(Stored dataset items)
● ● ● ● ●

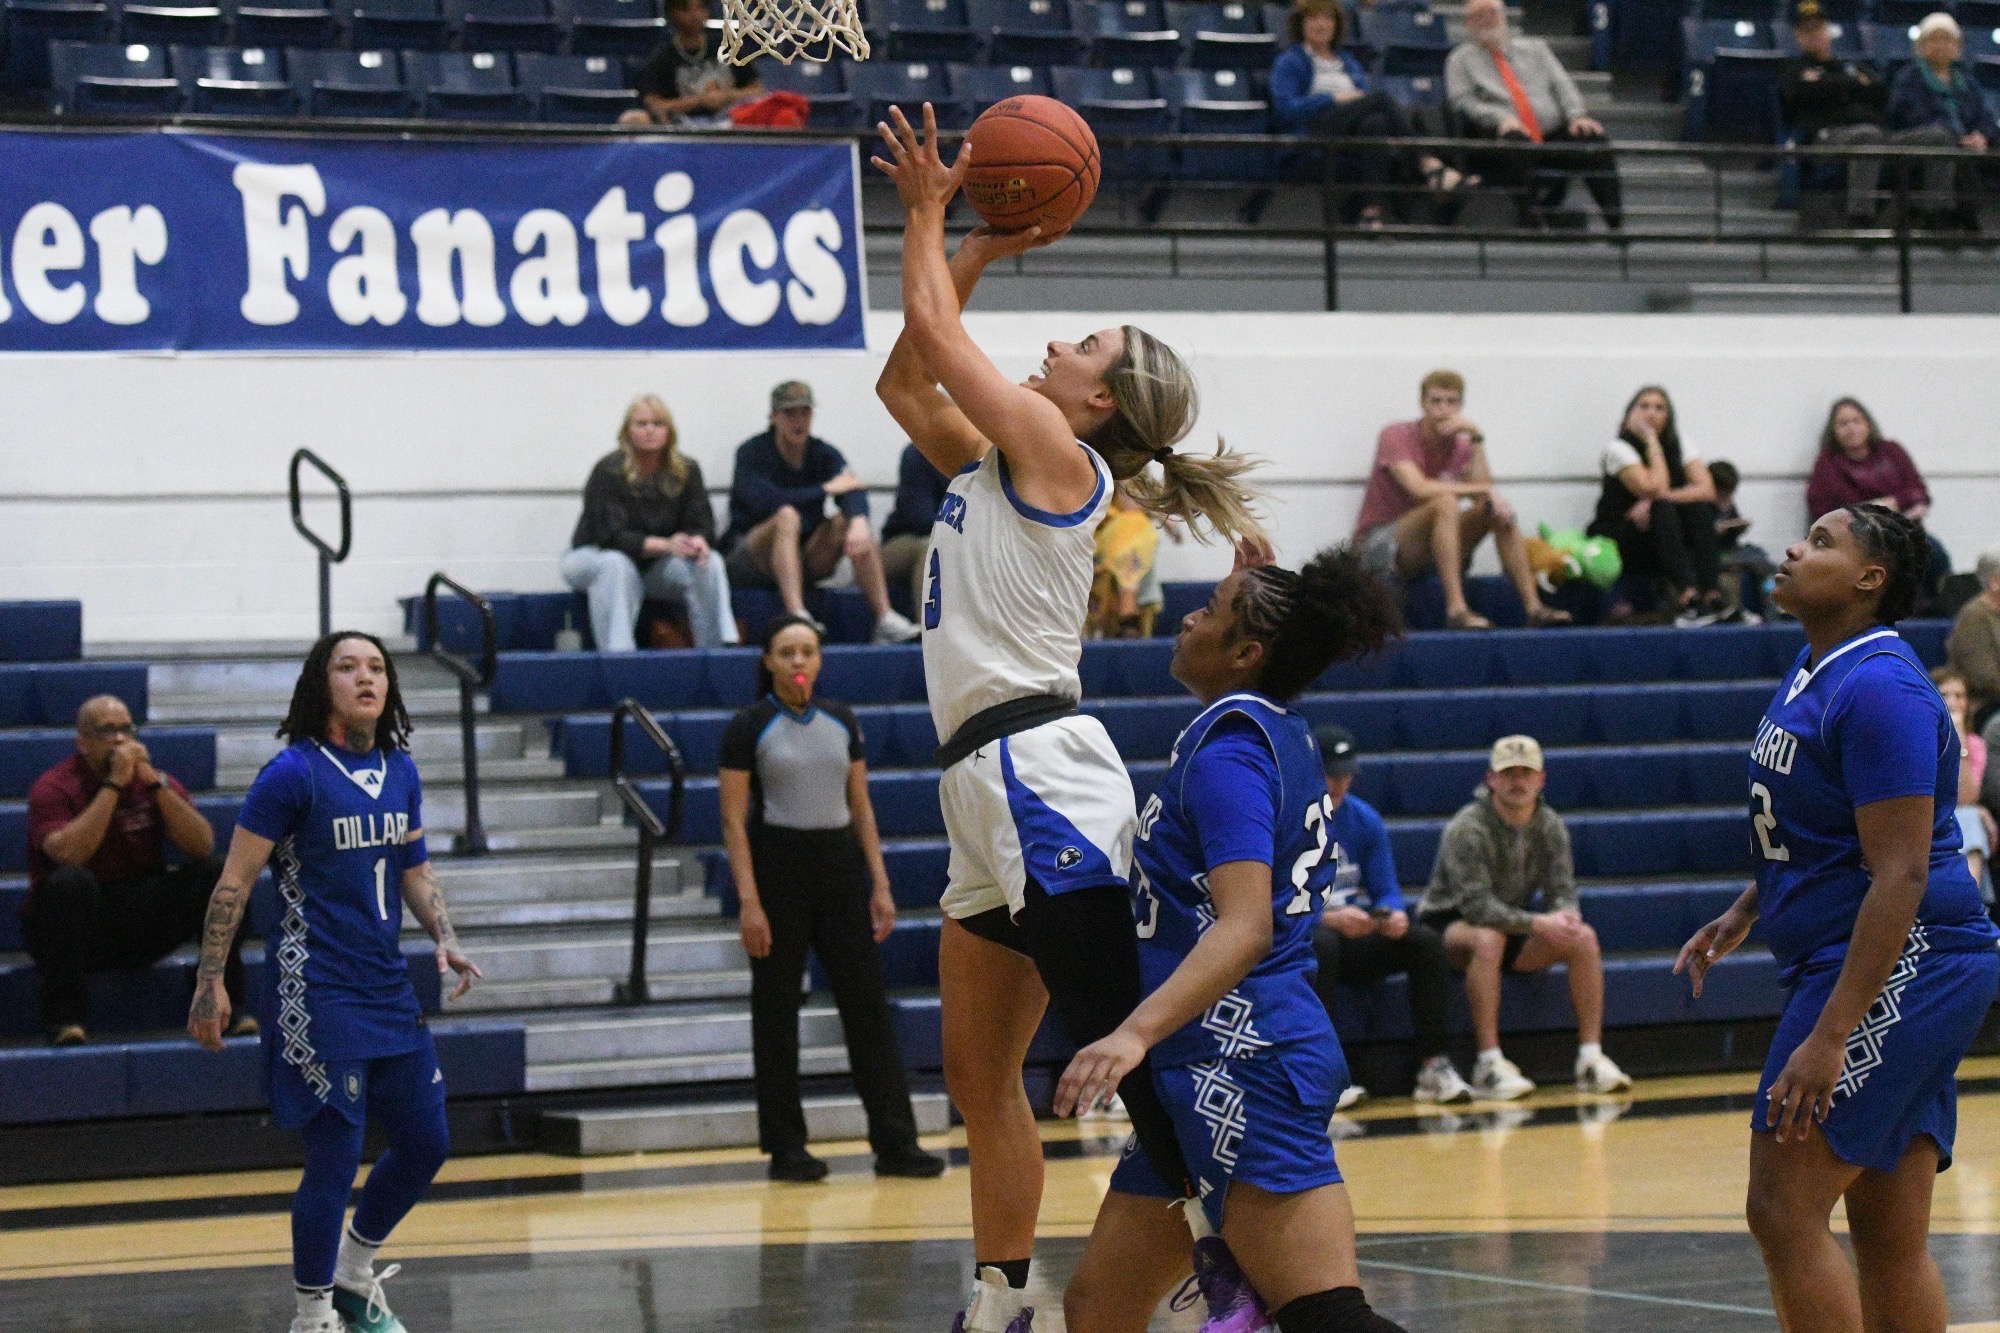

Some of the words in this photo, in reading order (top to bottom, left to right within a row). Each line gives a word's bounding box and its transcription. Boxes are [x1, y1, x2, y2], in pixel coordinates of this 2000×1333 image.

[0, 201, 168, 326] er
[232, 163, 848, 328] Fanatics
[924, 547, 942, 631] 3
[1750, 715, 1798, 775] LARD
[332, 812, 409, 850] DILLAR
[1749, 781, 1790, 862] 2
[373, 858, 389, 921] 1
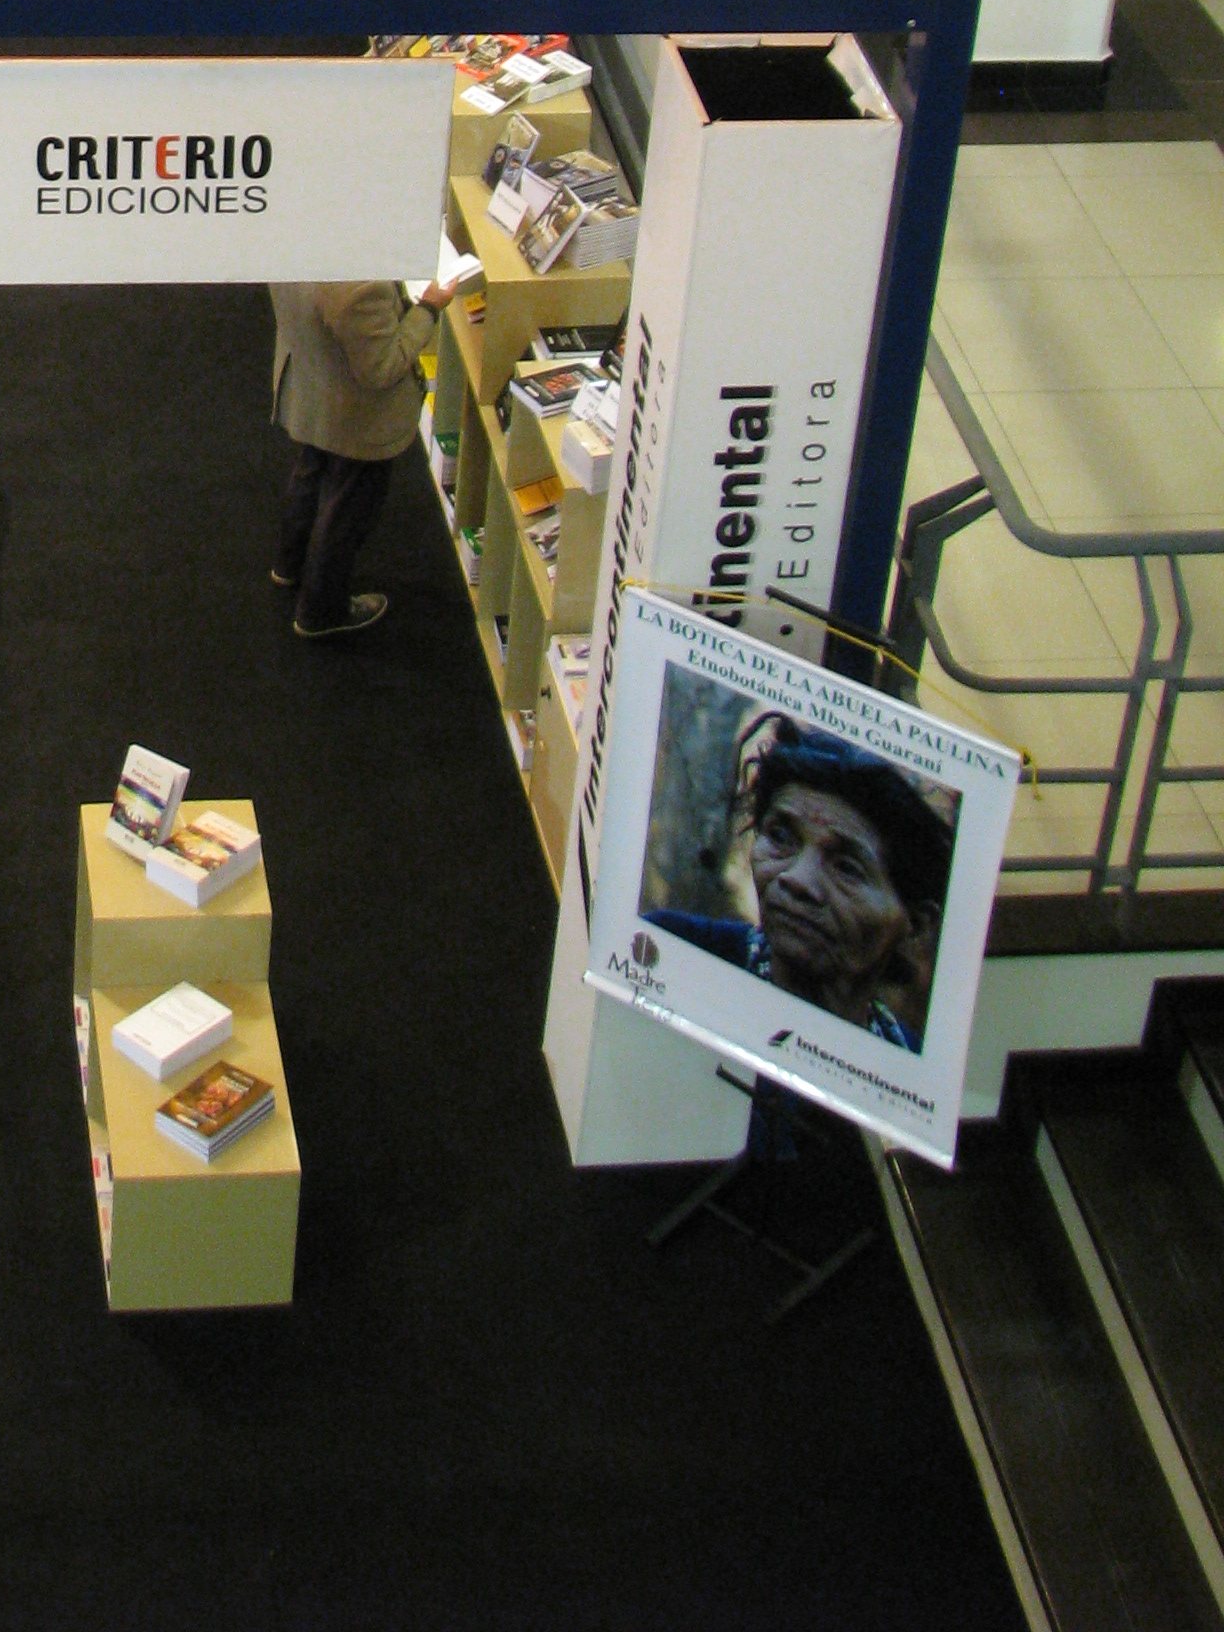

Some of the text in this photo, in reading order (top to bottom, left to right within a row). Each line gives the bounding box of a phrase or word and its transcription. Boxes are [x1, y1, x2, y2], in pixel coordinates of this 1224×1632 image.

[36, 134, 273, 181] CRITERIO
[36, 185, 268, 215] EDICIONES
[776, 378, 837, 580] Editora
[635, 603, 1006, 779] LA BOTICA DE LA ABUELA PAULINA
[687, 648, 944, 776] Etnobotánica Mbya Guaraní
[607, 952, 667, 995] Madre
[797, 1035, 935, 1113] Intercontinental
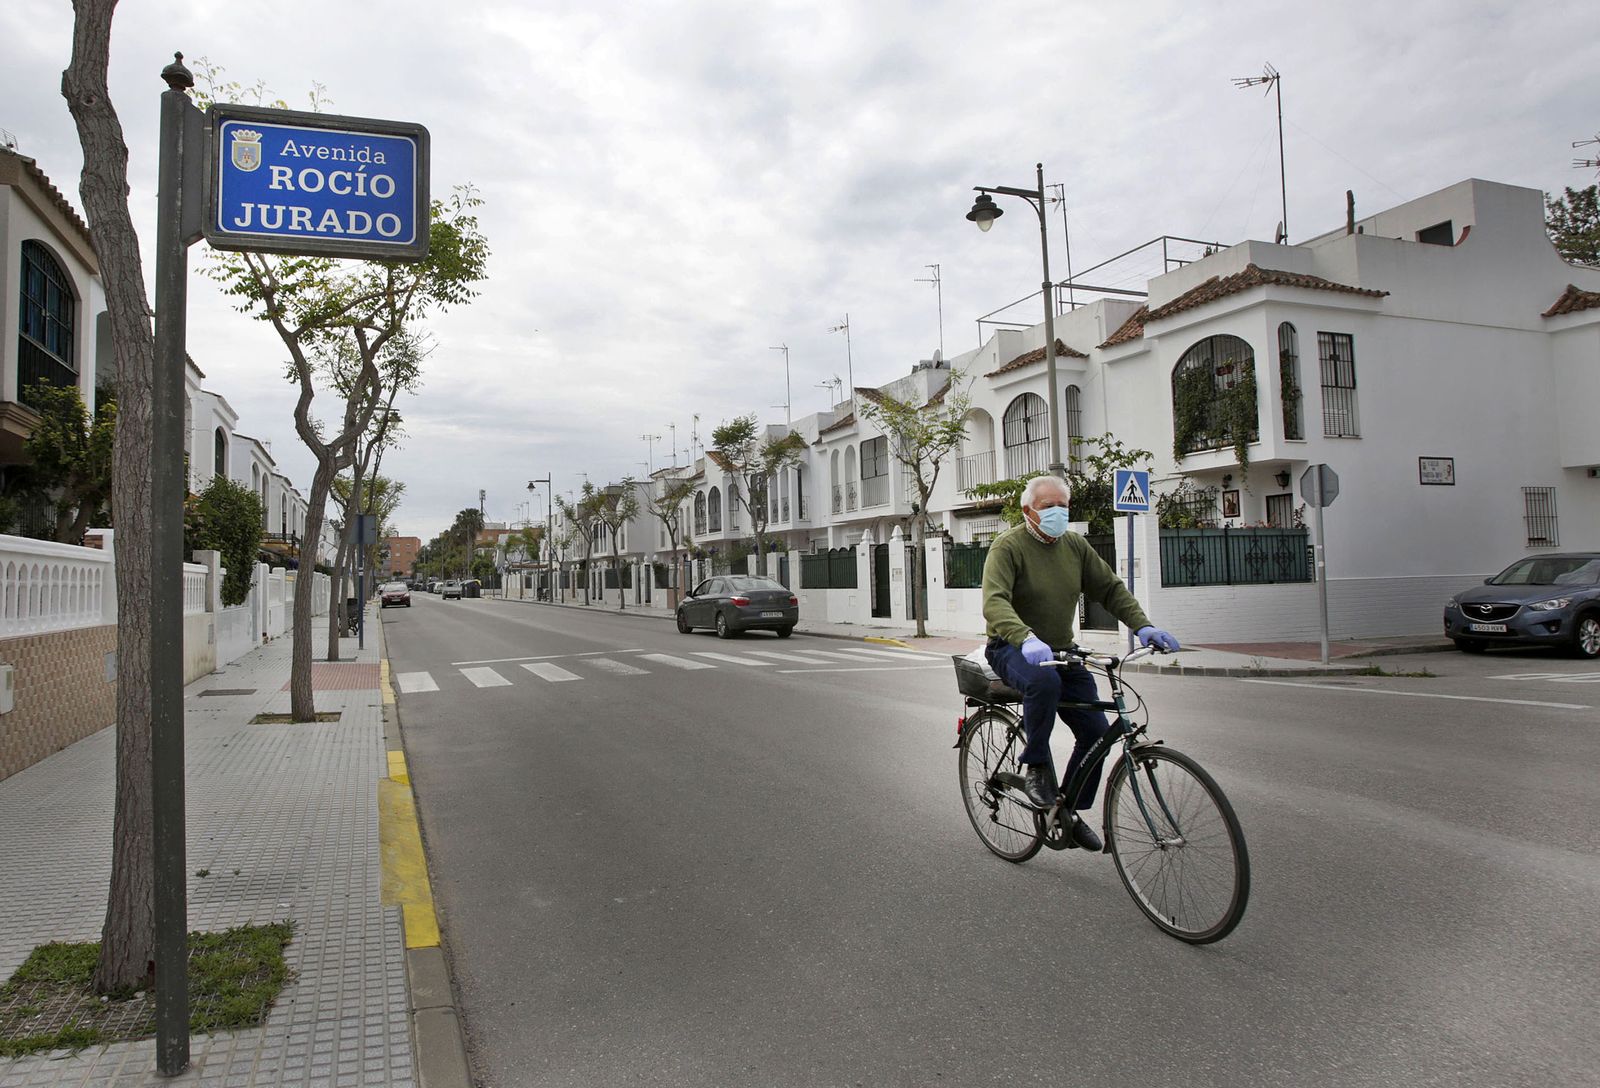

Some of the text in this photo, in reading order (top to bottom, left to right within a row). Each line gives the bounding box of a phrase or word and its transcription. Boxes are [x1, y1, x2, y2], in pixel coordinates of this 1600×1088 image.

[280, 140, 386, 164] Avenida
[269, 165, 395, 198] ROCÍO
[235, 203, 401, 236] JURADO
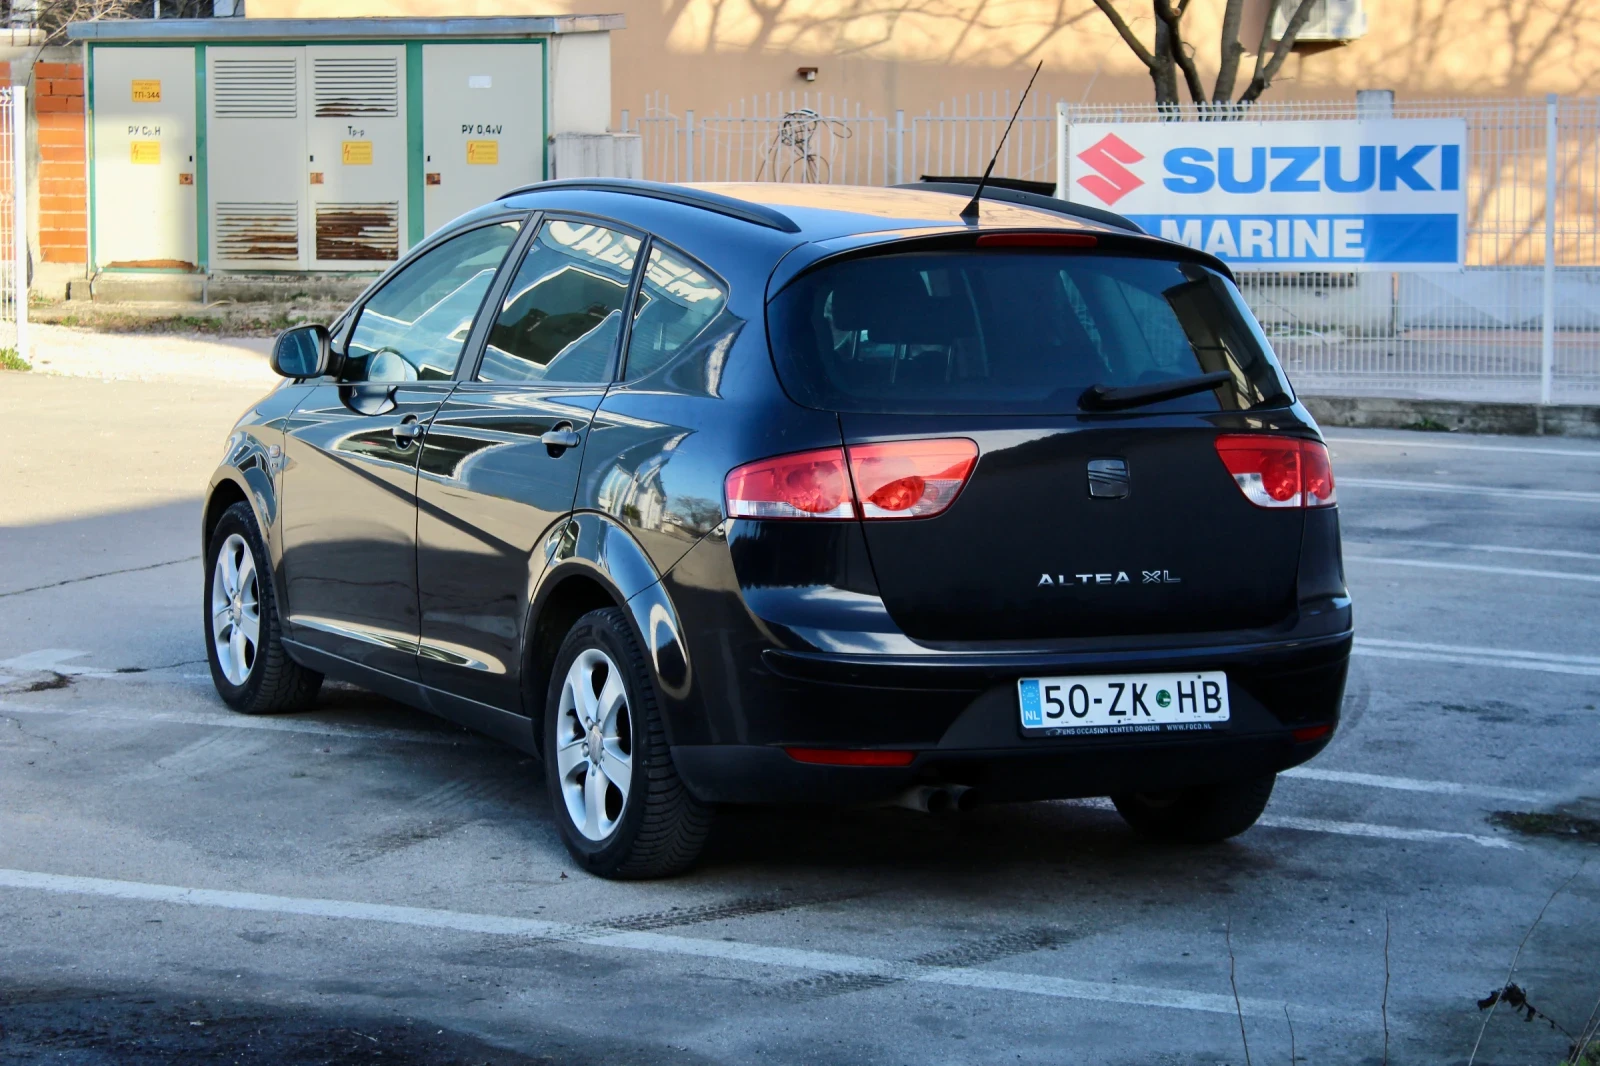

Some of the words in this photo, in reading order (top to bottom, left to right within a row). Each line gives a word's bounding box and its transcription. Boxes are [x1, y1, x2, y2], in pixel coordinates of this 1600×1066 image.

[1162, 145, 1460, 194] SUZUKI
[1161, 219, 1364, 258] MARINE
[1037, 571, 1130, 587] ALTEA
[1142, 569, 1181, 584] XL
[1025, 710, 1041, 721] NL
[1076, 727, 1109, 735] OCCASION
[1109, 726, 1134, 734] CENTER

● ● ● ● ●

EXERCISE DESCRIPTION
The data above must be given again in full and unaltered, minus its images.

SOLVED PROBLEM
Some of the words in this photo, in reading order (top to bottom, left to right within a row). Each line gives a word's bounding box and its transcription. Boxes are [x1, y1, x2, y2], in pixel coordinates of this 2000×1333 image.

[0, 201, 168, 326] er
[232, 163, 848, 328] Fanatics
[924, 547, 942, 631] 3
[1750, 715, 1798, 775] LARD
[332, 812, 409, 850] DILLAR
[1749, 781, 1790, 862] 2
[373, 858, 389, 921] 1

Some of the text in this photo, in reading order (top to bottom, left to right within a row). Each line gives the bounding box of a phrase or word and its transcription. Boxes are [x1, y1, x2, y2], in pixel coordinates of this 1224×1632 image.

[36, 134, 273, 181] CRITERIO
[36, 185, 268, 215] EDICIONES
[776, 378, 837, 580] Editora
[635, 603, 1006, 779] LA BOTICA DE LA ABUELA PAULINA
[687, 648, 944, 776] Etnobotánica Mbya Guaraní
[607, 952, 667, 995] Madre
[797, 1035, 935, 1113] Intercontinental

Some of the text in this photo, in reading order (top to bottom, left to right within a row). Each line gives the bounding box of a phrase or word and its transcription. Boxes are [x1, y1, x2, y2], in pixel coordinates of this 1600×1088 image.

[280, 140, 386, 164] Avenida
[269, 165, 395, 198] ROCÍO
[235, 203, 401, 236] JURADO

Some of the words in this photo, in reading order (top to bottom, left to right within a row). Each line gives a word's bounding box and its transcription. Boxes are [x1, y1, x2, y2], in pixel coordinates of this 1600×1066 image.

[1162, 145, 1460, 194] SUZUKI
[1161, 219, 1364, 258] MARINE
[1037, 571, 1130, 587] ALTEA
[1142, 569, 1181, 584] XL
[1025, 710, 1041, 721] NL
[1076, 727, 1109, 735] OCCASION
[1109, 726, 1134, 734] CENTER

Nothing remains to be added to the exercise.